**Work required**: Produce a verbatim copy of the following records, leaving out all pictures.

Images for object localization
= Beginning of Section =

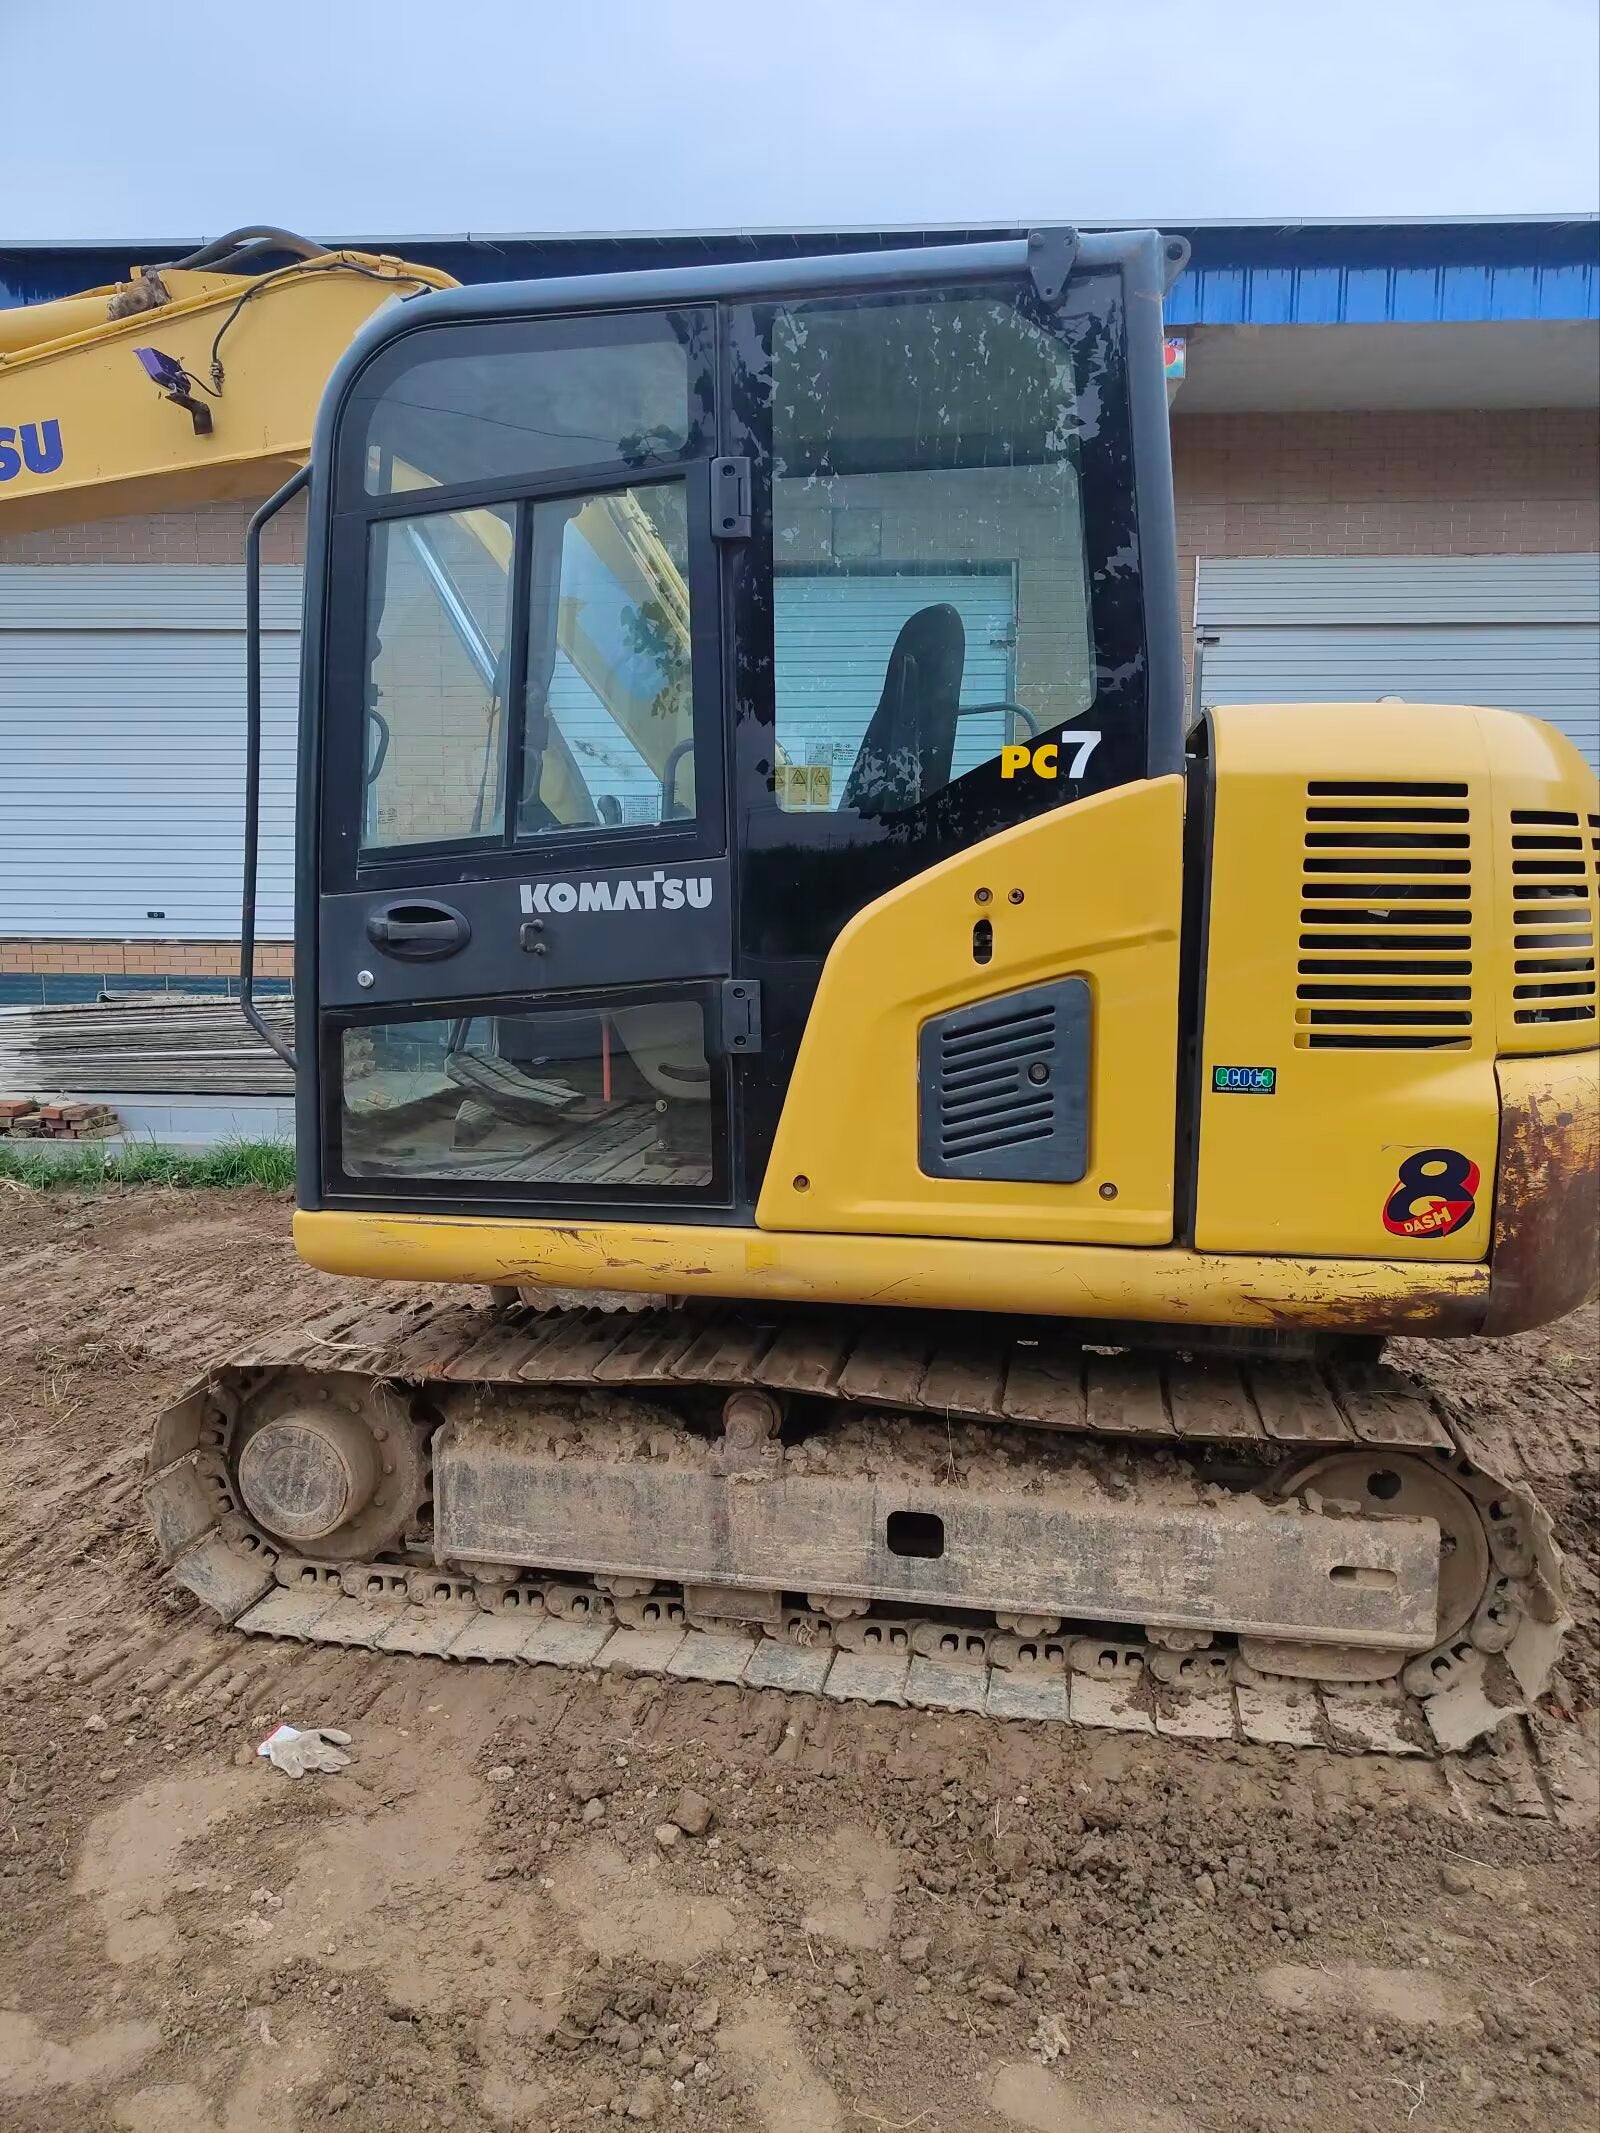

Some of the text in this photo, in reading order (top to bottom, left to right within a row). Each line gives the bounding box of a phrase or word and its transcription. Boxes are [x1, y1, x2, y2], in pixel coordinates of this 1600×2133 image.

[519, 870, 713, 914] KOMATSU
[1216, 1068, 1274, 1087] ecot3
[1387, 1149, 1475, 1238] 8
[1403, 1207, 1451, 1233] DASH

= End of Section =

**Result**:
Some of the text in this photo, in reading order (top to bottom, left to right within a row). Each line gives the bounding box of a phrase or word and its transcription. Boxes are [x1, y1, x2, y2], in pixel coordinates of this 1600×2133 image.

[519, 870, 713, 914] KOMATSU
[1216, 1068, 1274, 1087] ecot3
[1387, 1149, 1475, 1238] 8
[1403, 1207, 1451, 1233] DASH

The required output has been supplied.